Assignment » Pictures aside, output each record exactly.

Saved data entries »
----
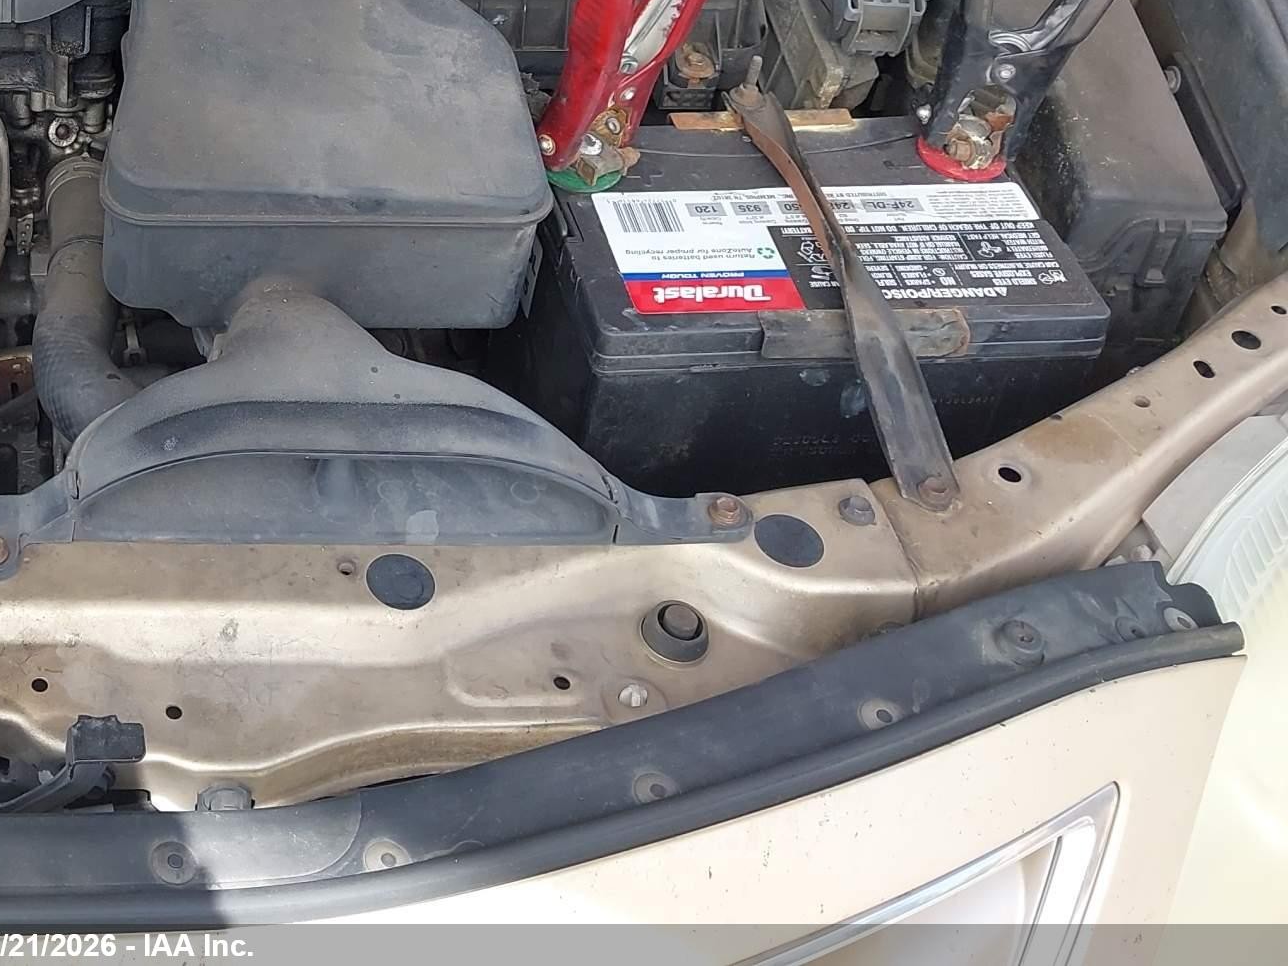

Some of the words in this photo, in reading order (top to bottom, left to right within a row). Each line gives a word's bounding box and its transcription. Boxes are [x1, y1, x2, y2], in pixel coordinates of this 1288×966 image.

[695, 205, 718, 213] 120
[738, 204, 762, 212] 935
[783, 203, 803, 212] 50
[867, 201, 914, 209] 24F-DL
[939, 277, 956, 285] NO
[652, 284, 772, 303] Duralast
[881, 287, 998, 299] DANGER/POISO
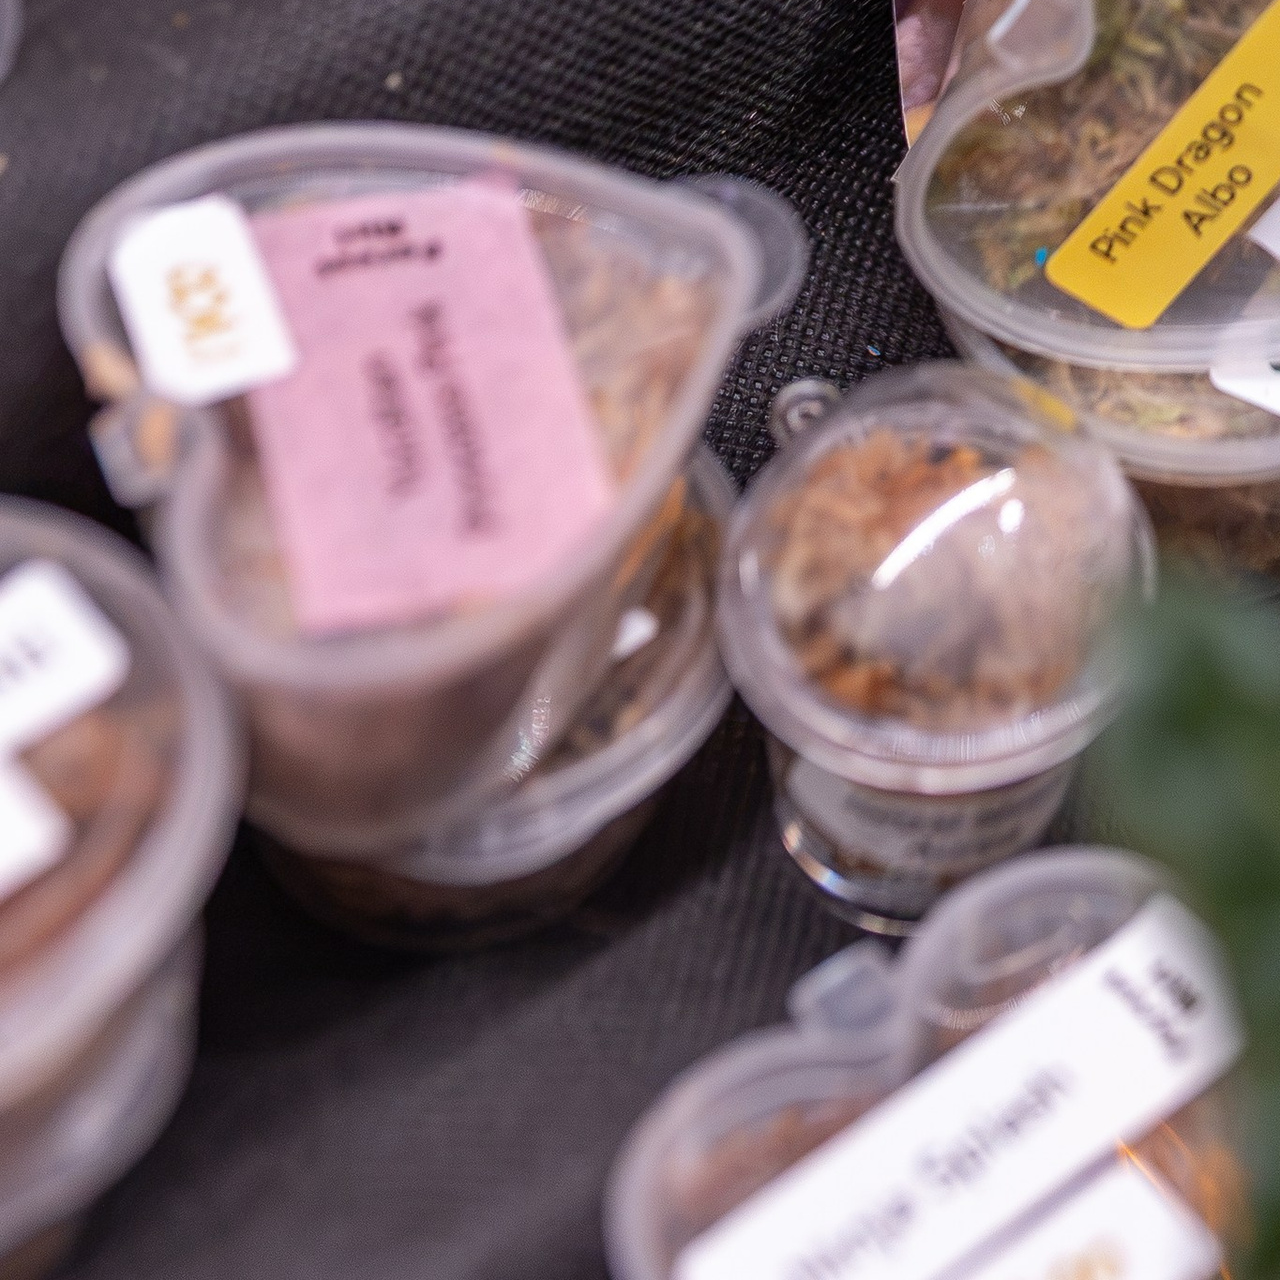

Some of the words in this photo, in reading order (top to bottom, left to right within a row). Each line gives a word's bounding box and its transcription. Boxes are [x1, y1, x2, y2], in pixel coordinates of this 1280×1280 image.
----
Reply »
Some of the words in this photo, in reading order (top to bottom, left to right within a row). Each line gives a word's bounding box and its transcription. Boxes are [x1, y1, x2, y2], in pixel coordinates of this 1288×966 image.

[695, 205, 718, 213] 120
[738, 204, 762, 212] 935
[783, 203, 803, 212] 50
[867, 201, 914, 209] 24F-DL
[939, 277, 956, 285] NO
[652, 284, 772, 303] Duralast
[881, 287, 998, 299] DANGER/POISO

Some of the words in this photo, in reading order (top to bottom, left to right within a row). Each line gives a word's bounding box and its transcription. Boxes are [x1, y1, x2, y2], in pixel coordinates of this 1280×1280 image.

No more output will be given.